INSTRUCTIONS TO FOLLOW –
Type out each entry exactly as it appears, but keep every image out.

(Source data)
====================

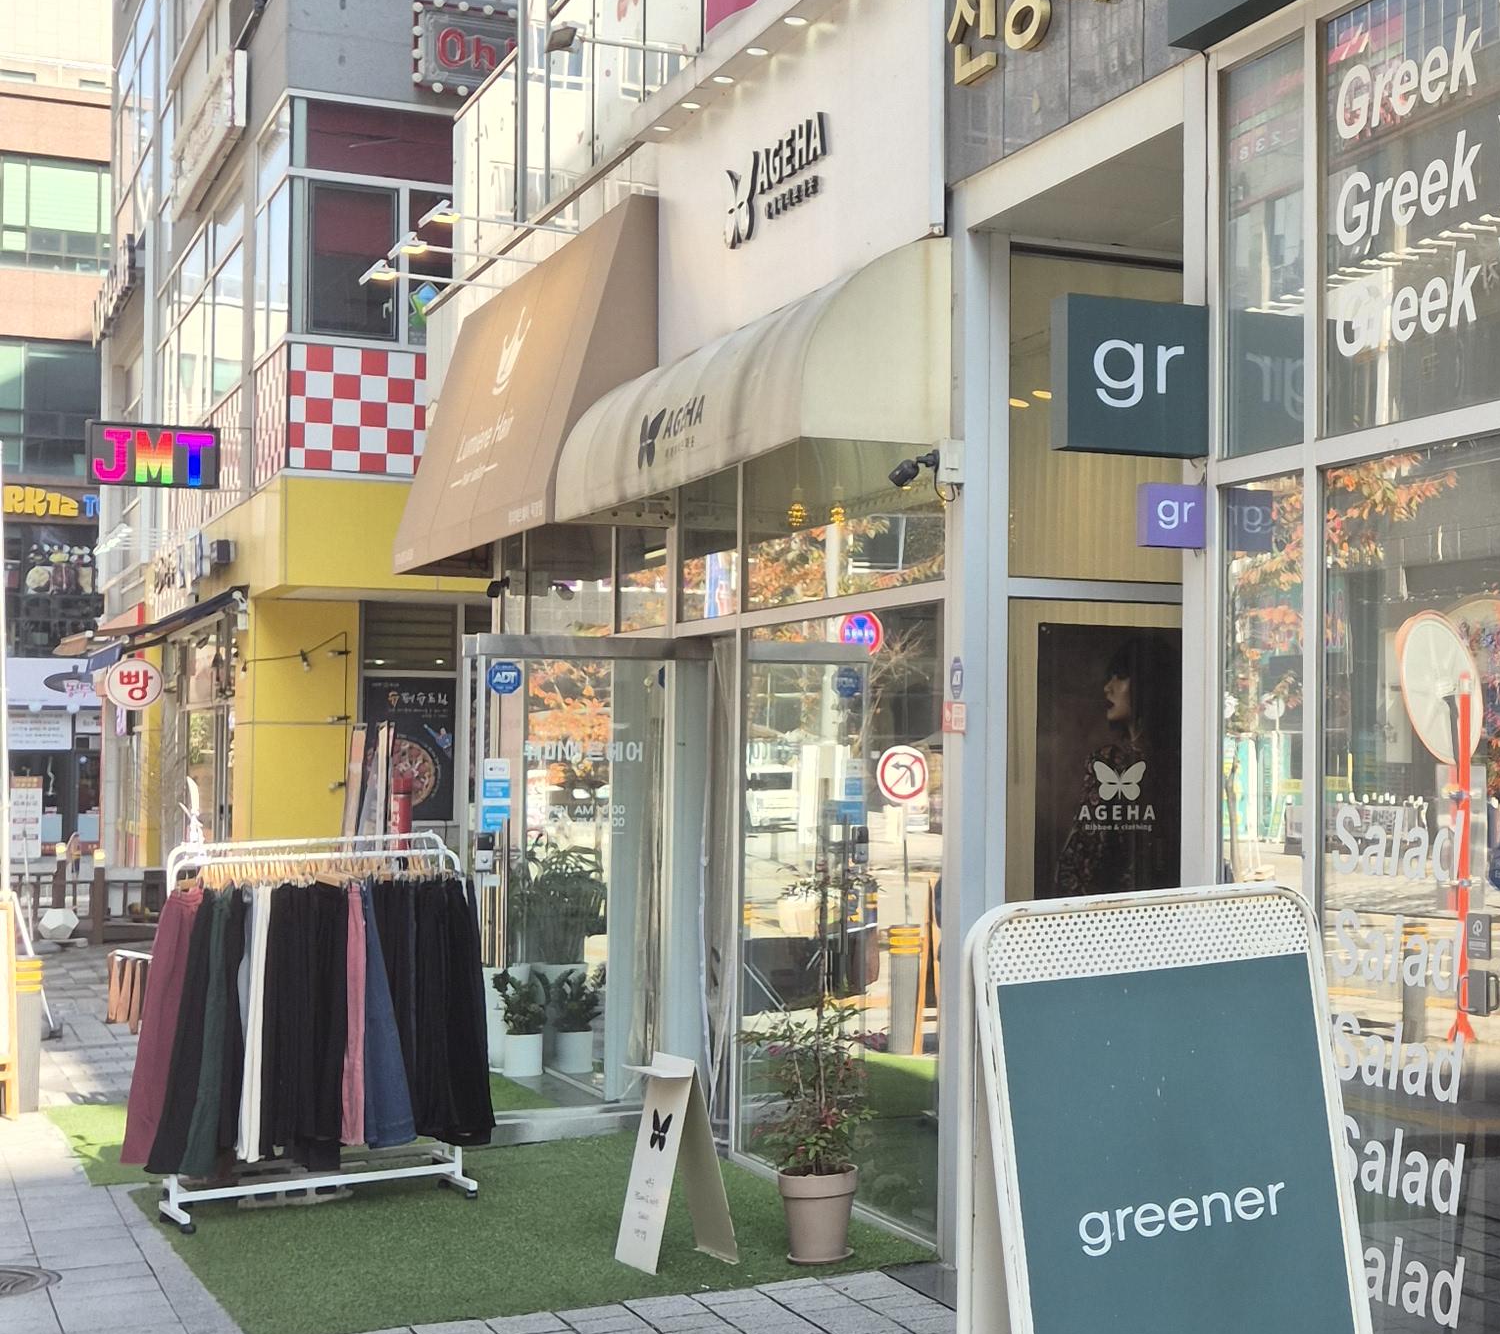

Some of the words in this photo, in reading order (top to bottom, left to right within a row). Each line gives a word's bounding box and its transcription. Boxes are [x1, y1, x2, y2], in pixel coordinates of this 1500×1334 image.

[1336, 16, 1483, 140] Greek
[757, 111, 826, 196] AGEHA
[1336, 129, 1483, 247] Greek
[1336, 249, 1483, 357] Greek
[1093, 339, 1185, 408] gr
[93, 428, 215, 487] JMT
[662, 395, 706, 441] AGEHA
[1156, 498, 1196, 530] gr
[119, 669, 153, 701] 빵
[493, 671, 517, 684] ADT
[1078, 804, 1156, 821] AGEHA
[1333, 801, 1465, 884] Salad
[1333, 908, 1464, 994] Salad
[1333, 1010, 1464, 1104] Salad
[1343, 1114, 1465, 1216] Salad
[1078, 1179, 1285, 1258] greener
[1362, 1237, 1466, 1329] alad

====================

ANSWER TO THIS EXERCISE –
Some of the words in this photo, in reading order (top to bottom, left to right within a row). Each line gives a word's bounding box and its transcription. Boxes are [x1, y1, x2, y2], in pixel coordinates of this 1500×1334 image.

[1336, 16, 1483, 140] Greek
[757, 111, 826, 196] AGEHA
[1336, 129, 1483, 247] Greek
[1336, 249, 1483, 357] Greek
[1093, 339, 1185, 408] gr
[93, 428, 215, 487] JMT
[662, 395, 706, 441] AGEHA
[1156, 498, 1196, 530] gr
[119, 669, 153, 701] 빵
[493, 671, 517, 684] ADT
[1078, 804, 1156, 821] AGEHA
[1333, 801, 1465, 884] Salad
[1333, 908, 1464, 994] Salad
[1333, 1010, 1464, 1104] Salad
[1343, 1114, 1465, 1216] Salad
[1078, 1179, 1285, 1258] greener
[1362, 1237, 1466, 1329] alad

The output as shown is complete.